Nicht umsonst steigt die Anzahl der Zweitjobber im Landkreis massiv an, wie die Gewerkschaft Nahrungsmittel Gastronomie und Gaststätten (NGG) kürzlich feststellte.

Überhaupt sind nur knapp 40 % der Einwohner berufstätig - nicht überraschend angesichts rund 60 % über 50-jähriger im Landkreis. Fast alle Gemeinden klagen über Bevölkerungsrückgang und Überalterung.

Wie geht es weiter?

Dagmar Schulz betonte in Gartow mehrfach, dass die Sozialraumanalyse nicht einfach "in der Schublade verschwinden" wird. Von den zahlreichen Handlungsempfehlungen der GOE-Gutachter will der Landkreis zunächst ein Pilotprojekt starten. Dabei stehen vor allem Verbesserungen im Bildungsbereich im Mittelpunkt des Projektes.

Unter anderem sollen in diesem Pilotprojekte folgende Themen bearbeitet werden:

  • Die Übergange von Kindergarten und Grundschule sollen näher beleuchtet und möglichst verbessert werden.
  • Ursachen für Bildungshindernisse sollen ergründet und Lösungsmöglichkeiten entwickelt werden.
  • In regionalen Sozialkonferenzen sollen die Hauptprobleme besprochen und Lösungen erarbeitet werden.

Das GOE-Institut hatte für alle Handlungsbereiche zahlreiche Empfehlungen entwickelt. Die 44-seitige Liste klingt wie eine Weihnachtsmann-Wunschliste nach dem Motto "was wir immer schon mal entwickeln wollten". Erhalt von Schulstandorten, Verbesserung des ÖPNV oder eine optimierte Breitbandversorgung stehen ebenso in der umfangreichen Empfehlungsliste wie "Frei-Zeiten" für Eltern und Familien oder Gesundheitsförderungsmaßnahmen für Arbeitslose. Auch die Einrichtung eines speziellen Unterstützungsangebots für Alleinerziehende bei der Agentur für Arbeit ist eine Empfehlung.

Was davon wirklich umgesetzt werden kann, wird von den Entscheidungen im Kreishaus und den politischen Gremien der verschiedenen Gemeinden und Samtgemeinden abhängen. Denn das Dauerbrenner-Problem im sozialen Bereich ist seit langem bekannt: Soziale Angebote kosten Geld und bringen nichts ein - jedenfalls nicht in den Haushaltsplänen der Kommunen. Gute Bildung und Ausbildung, zufriedene Einwohner, deren Kinder gerne im Landkreis bleiben wollen, sind Werte, die dort zunächst keine Rolle spielen.
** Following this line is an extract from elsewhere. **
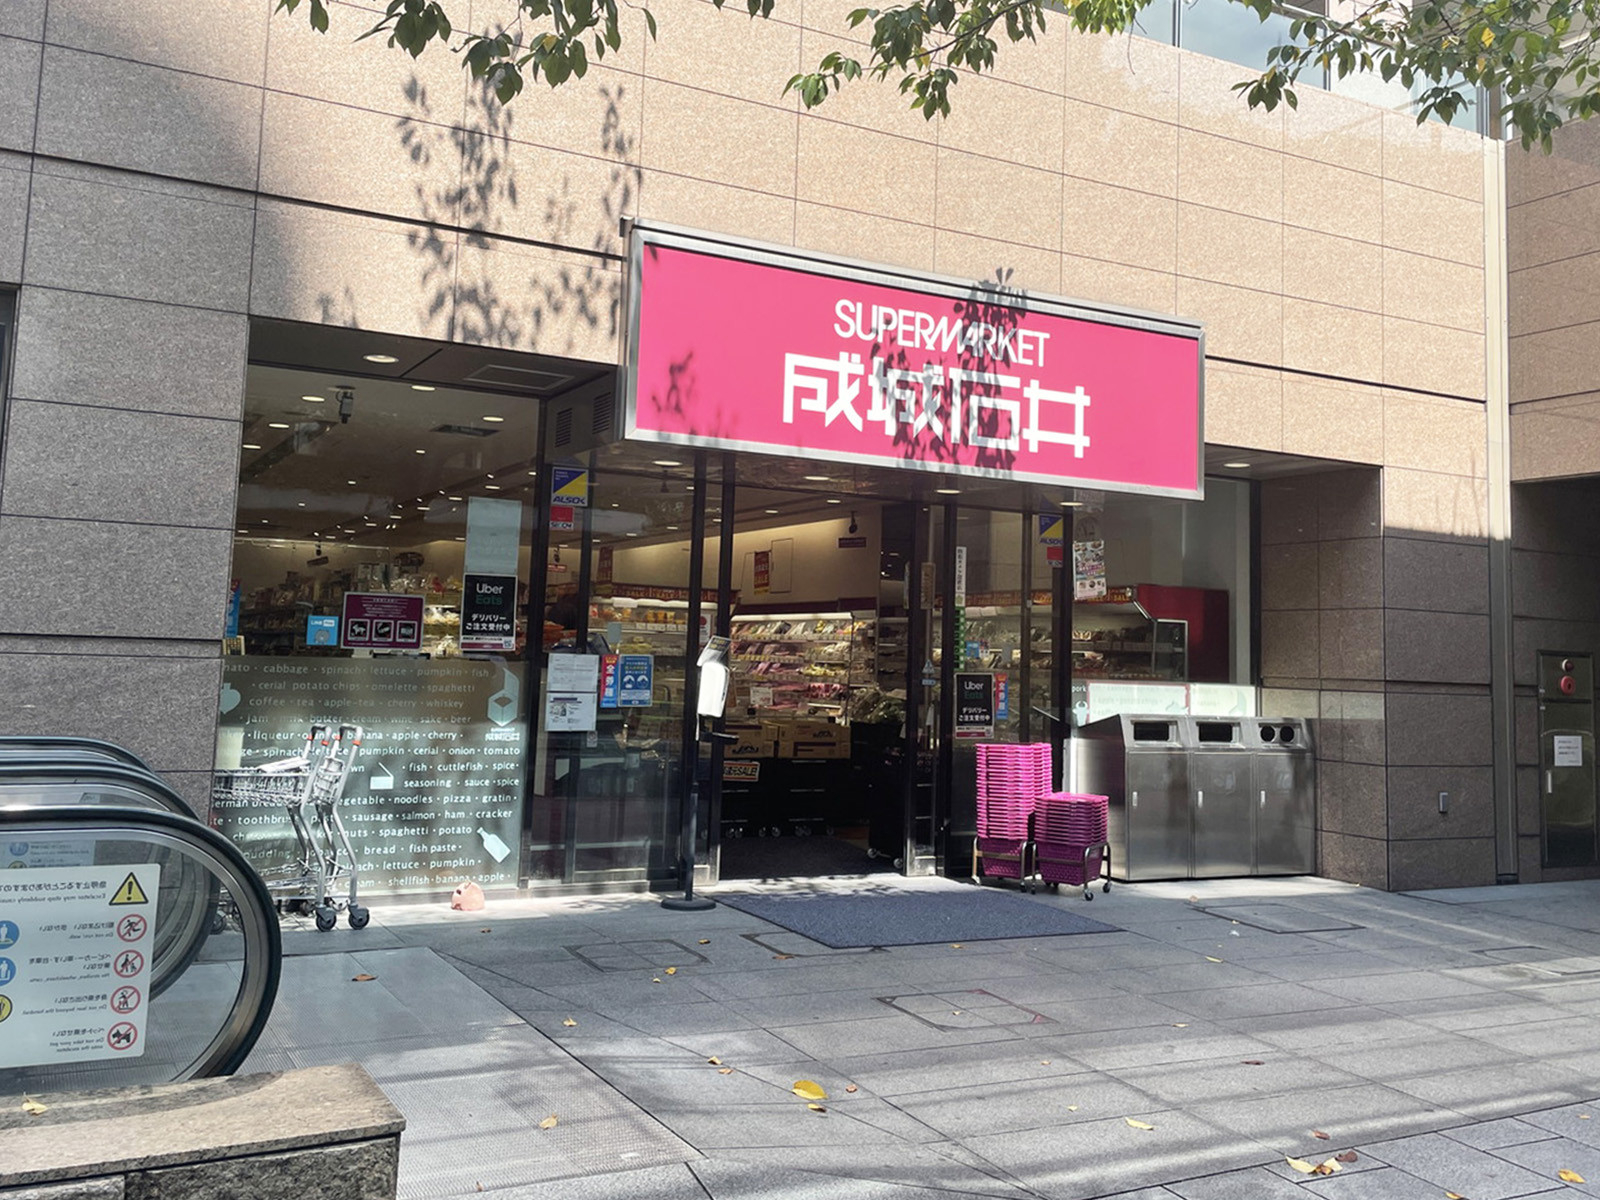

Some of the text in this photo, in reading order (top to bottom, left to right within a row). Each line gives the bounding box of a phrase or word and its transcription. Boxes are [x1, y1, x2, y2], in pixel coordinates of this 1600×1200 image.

Wie allerdings das Problem der Überalterung gelöst werden soll - darüber geben die Handlungsempfehlungen keine Auskunft. Da werden wohl nur ganzheitliche Konzepte helfen, an denen viele Akteure aus den verschiedensten Bereich gemeinsam arbeiten müssen.

Foto | pixabay.com : Ein rundum entspanntes Familienleben ist für zahlreiche Familien im Landkreis nur ein Traum - viele müssen Zweitjobs machen, um über die Runden zu kommen.